Emily doesn't know what to say. Occult means the devil, Satan, Jehovah God's biggest enemy. If you are interested in the occult, you can get demonized, just like people who use Ouija boards, just like Brother Richard's house.

He turns the radio down slightly.

— Hey, relax, I'm just kidding. I know you don't listen to this stuff. I'm just teasing. Forget it.

Emily looks out the window. They pass the street the Kingdom Hall is on.

— We're supposed to go that way. She points back toward the street that they missed.

— I know. I thought we'd go for some ice cream first. We have lots of time before the service meeting.

The service meeting is always short, only about fifteen minutes, and is usually held at the Kingdom Hall, though sometimes it's at a brother's home, in his kitchen or rec room. Today it's at the Hall, and the elder will go over the main points to use when they go door to door, and then they'll organize who goes in whose car. Some brothers and sisters don't have cars of their own, or their cars are in such poor shape that it isn't appropriate to use them in service
.
They'll also find out which territory they're going to be working in today. Emily knows it is wrong, but always hopes for a territory as far from her school as possible.

Emily's dad hardly ever lets them go for ice cream when they go out in service, except maybe once in the summer, and only after they were done, after they'd marked their hours down on the time slips.

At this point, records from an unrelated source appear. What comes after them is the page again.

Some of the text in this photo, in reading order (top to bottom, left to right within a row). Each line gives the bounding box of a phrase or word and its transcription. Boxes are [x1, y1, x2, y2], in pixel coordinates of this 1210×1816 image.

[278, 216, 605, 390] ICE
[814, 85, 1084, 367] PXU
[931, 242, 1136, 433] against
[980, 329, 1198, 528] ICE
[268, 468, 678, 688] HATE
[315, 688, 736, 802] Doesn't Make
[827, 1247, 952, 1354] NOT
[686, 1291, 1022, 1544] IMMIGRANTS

They aren't allowed to listen to the radio out in service either, unless her dad has to check the weather, but no music. No worldly
music, that's for sure. Her uncle's music is loud and fast, maybe even heavy metal
.
At one of the Thursday night meetings last month, the elders explained that if you play these songs backwards, you hear messages from the devil. They tell you to kill your mother, or commit fornication, or do drugs. Some kids in the States killed themselves after listening to Black Sabbath. It's called backward masking, and if you listen to it, even by accident, you can become demonized. Black Sabbath and Judas Priest are the worst of all.

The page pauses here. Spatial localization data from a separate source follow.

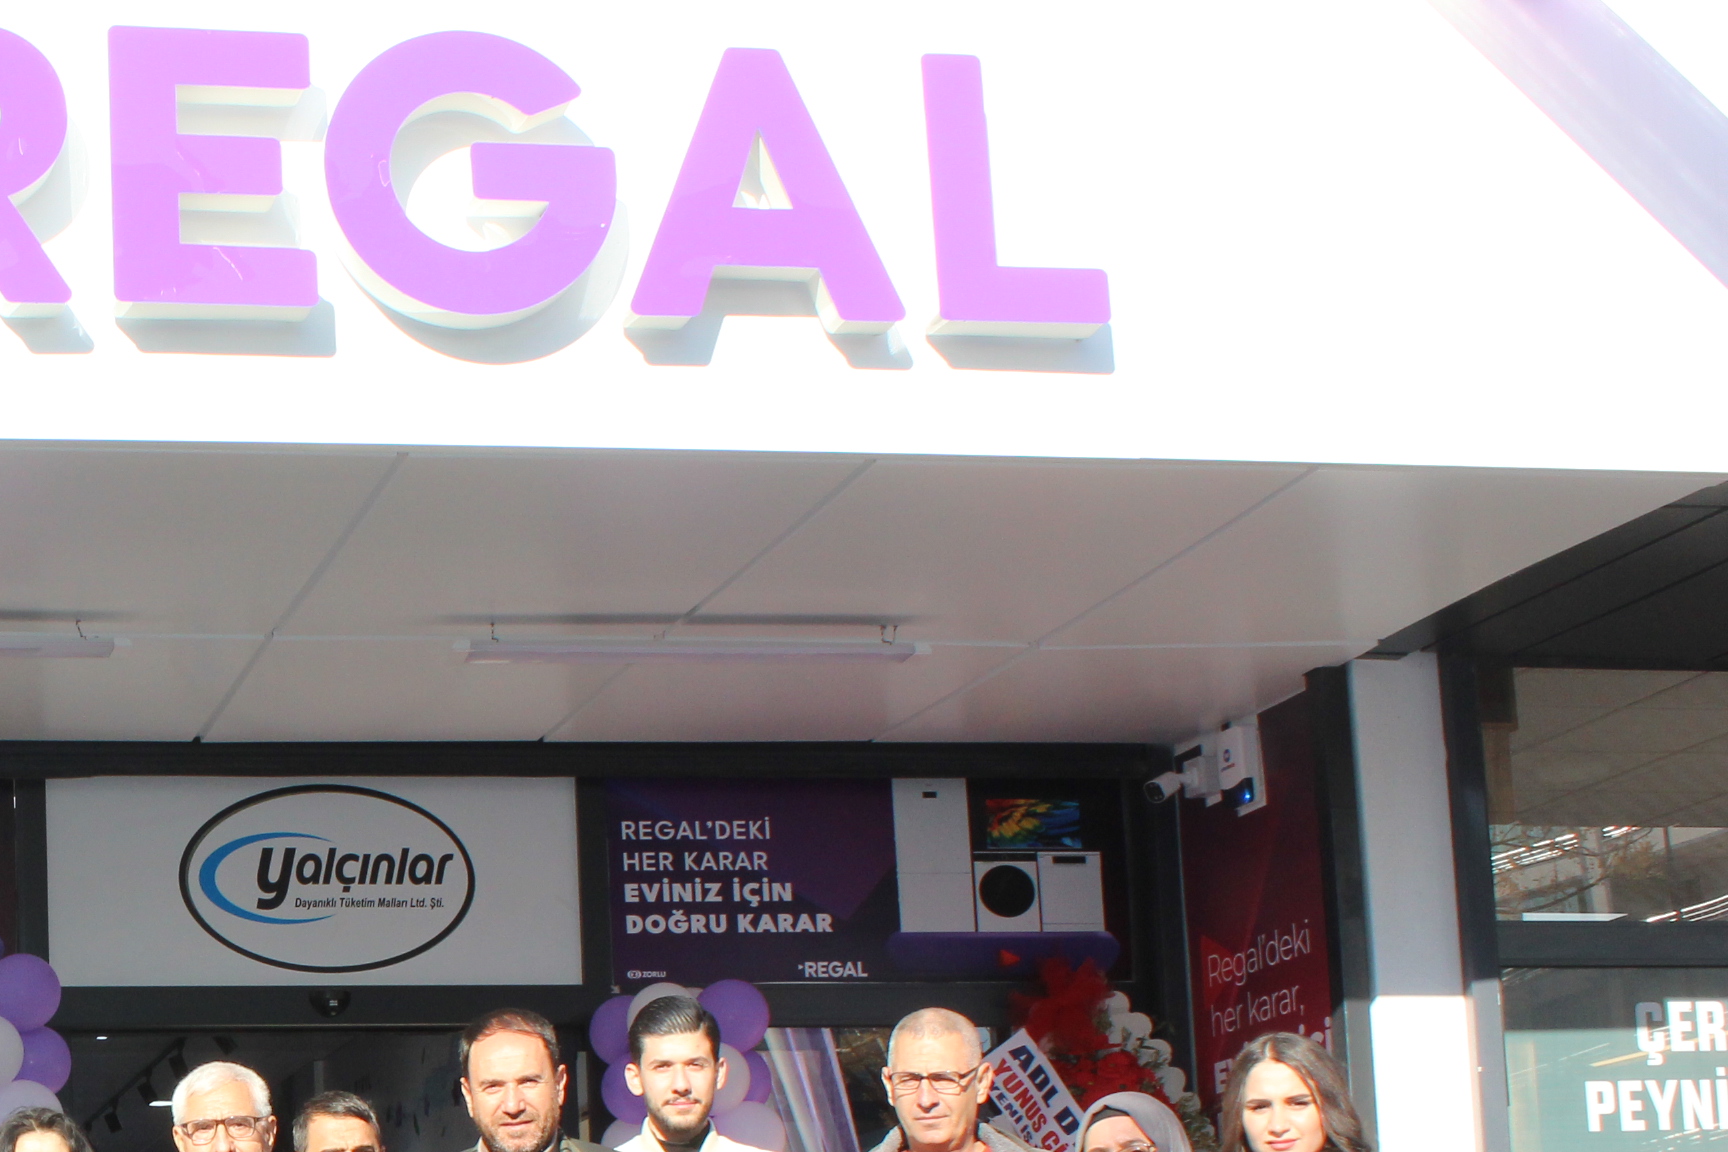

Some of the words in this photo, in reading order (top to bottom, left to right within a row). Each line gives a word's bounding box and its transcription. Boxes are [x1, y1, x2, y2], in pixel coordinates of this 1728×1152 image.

[622, 851, 674, 872] HER
[684, 851, 768, 871] KARAR
[339, 897, 375, 908] Tüketim
[377, 897, 408, 908] Malları
[410, 897, 427, 908] Ltd.
[429, 897, 445, 910] Şti.
[623, 877, 723, 904] EVİNİZ
[732, 876, 793, 908] İÇİN
[625, 910, 727, 934] DOĞRU
[737, 913, 834, 934] KARAR
[804, 961, 869, 978] REGAL
[1210, 1003, 1243, 1037] her
[1247, 985, 1305, 1026] karar,
[993, 1058, 1047, 1133] YUNUS
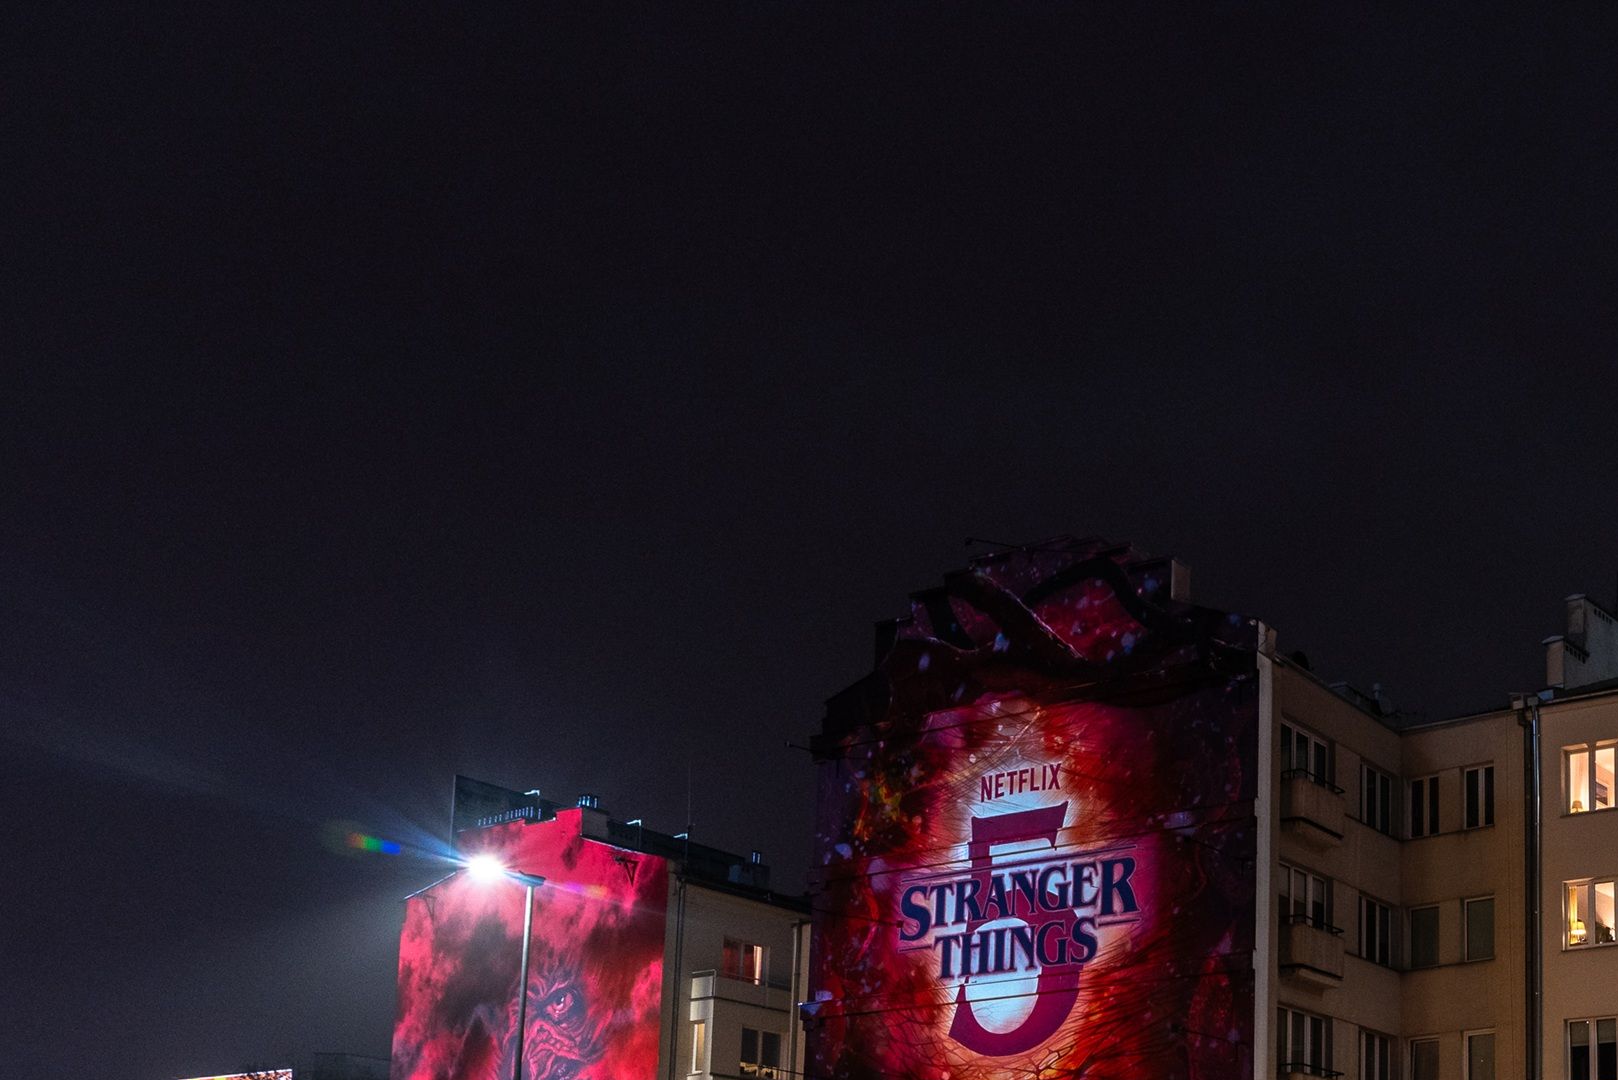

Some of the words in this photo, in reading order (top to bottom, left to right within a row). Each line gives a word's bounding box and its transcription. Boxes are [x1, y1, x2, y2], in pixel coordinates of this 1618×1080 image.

[980, 763, 1062, 802] NETFLIX
[899, 856, 1140, 941] STRANGER
[948, 801, 1070, 1056] 5
[935, 917, 1099, 980] THINGS

— You like this song, kiddo? It's called ‘Rain.' Uncle Tyler hums along.

—
Here comes the rain
. . .

— It's okay, I guess. She lets her breath out carefully. It doesn't sound Satanic, they're only singing about the rain, and Jehovah makes the rain, and all natural things, so it must be all right.

— Actually, your sister loaned me this tape. She's a big fan. Her uncle looks over at her.

— Really?

— Really. She has pretty good taste in music.

Emily didn't know that Uncle Tyler and Lenora hung out together without her, trading tapes and skipping going out in service. And talking about her probably, since she wasn't invited.

— What do you think of her new hair-do? Wild, huh? She's turning out to be pretty cool.

— I guess so. Emily looks out the window, seeing nothing.

— Hey. Cheer up. What's the matter?

— Nothing. She turns away.

— Are you sure?

Emily forces herself to look over at Uncle Tyler and smile. It feels ridiculous and plastic. How can he even believe her?